Similar to ResourceManager, NodeManager will run on two of the three master nodes, in Active and Standby states respectively. If the master node of the Active NameNode fails, Amazon EMR will initiate the HDFS failover process. At this time, the NameNode in the Standby state will become Active and take over all operations on HDFS in the cluster. We can get the current NameNode state through the hdfs haadmin-getAllServiceState command. For the specific details of HDFS HA, please refer to HDFS HA .

Core node

Core node is an optional group on which HDFS DataNode runs. When the number of core nodes is less than 4, Amazon EMR will set the replica of HDFS to 1 by default. When the number of core nodes is less than 10, the replica is set to 2, and in other cases, it is 3. If you need to make custom settings, you can modify the configuration of dfs.replication in hdfs-site.xml to start Amazon EMR; here is a point to note, if we are in an already started Amazon EMR, when scaling the Core node, It will affect the re-balance of HDFS data, which is a time-consuming operation, and it is not recommended to perform core node scaling frequently. And for a cluster with 3 replicas, if the number of core nodes is reduced to less than 3, it will not succeed.

Task node

Task node is a normal working node. It is very suitable as a simple working node to deal with scenarios where workloads need to be scaled frequently. NodeManager is running on it, and after it is started, it will be added to Yarn's cluster management. For scenarios that require frequent scaling, only the scale task node is a more practical solution, and the efficiency is relatively high.

task queue (InstanceFleet)

Both Core node and Task node can be configured with instance queues. Instance queues are a very useful feature, especially in the scene of Spot instances. When some popular events occur, the interruption rate of some popular models will become very high. If you choose With a single type of instance, it is easy to fail to meet the demand. We can check the current instance interruption spot advisor In the following chapters, I will describe in detail how we use instance queues.

spot advisor
https://aws.amazon.com/cn/ec2/spot/instance-advisor/

Amazon EMR version

When creating Amazon EMR, you need to pay extra attention to the release version of Amazon EMR. Different versions support different application versions. Starting from Amazon EMR-6.1.0, the combination of Spark3.0.0 + Hadoop 3.2.1 has been supported. The latest Amazon EMR-6.2.0 version can already support the stable version of Spark 3.0.1. If you need to run Spark 2.x version, you can choose Amazon EMR-5.x version or Amazon EMR-6.0.0.
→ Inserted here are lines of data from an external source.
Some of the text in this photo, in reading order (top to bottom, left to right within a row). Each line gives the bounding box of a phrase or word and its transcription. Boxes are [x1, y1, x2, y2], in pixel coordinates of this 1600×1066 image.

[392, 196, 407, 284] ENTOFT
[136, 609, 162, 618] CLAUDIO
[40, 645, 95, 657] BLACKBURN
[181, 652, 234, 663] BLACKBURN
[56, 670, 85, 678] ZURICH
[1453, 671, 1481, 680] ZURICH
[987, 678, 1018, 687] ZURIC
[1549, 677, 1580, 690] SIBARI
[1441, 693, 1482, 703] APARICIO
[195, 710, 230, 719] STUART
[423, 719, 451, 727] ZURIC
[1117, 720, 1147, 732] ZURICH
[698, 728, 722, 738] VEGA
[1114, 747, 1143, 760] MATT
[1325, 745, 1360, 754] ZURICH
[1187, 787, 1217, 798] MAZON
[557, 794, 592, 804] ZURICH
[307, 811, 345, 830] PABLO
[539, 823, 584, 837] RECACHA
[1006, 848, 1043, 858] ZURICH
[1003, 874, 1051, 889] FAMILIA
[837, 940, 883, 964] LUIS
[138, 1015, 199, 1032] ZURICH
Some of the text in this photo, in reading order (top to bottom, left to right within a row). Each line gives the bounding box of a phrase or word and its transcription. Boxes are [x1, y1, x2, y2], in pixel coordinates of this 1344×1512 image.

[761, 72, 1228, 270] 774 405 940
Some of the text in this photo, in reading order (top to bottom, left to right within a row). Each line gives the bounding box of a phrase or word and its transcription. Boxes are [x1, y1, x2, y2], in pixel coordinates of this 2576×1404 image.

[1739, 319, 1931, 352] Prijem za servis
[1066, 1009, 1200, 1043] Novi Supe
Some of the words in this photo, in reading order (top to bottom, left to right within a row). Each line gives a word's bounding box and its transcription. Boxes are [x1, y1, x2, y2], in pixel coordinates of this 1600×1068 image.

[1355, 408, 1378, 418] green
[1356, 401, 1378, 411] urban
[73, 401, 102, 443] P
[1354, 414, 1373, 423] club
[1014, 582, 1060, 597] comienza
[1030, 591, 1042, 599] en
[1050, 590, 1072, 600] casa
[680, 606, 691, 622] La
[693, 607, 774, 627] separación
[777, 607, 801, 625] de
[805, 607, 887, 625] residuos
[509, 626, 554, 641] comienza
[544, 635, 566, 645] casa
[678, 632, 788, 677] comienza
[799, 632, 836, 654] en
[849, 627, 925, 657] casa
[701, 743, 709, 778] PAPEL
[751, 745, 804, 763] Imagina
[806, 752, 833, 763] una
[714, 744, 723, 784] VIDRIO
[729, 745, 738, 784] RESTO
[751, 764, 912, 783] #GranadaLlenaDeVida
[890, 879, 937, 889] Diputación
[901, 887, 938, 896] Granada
In addition to the application version difference, starting from Amazon EMR-6.0.0, the system is based on Amazon Linux 2 and Corretto JDK 8. The biggest difference compared to the previous Amazon Linux 1 is that it provides new system tools, such as Systemctl, and optimized Amazon linux LTS kernel. In addition, Amazon Corretto JDK 8 provides a compatible JDK certified by Java SE, including long-term support, performance enhancements and security fixes. For the release note of Amazon emr-6.x, please refer to Amazon EMR release note .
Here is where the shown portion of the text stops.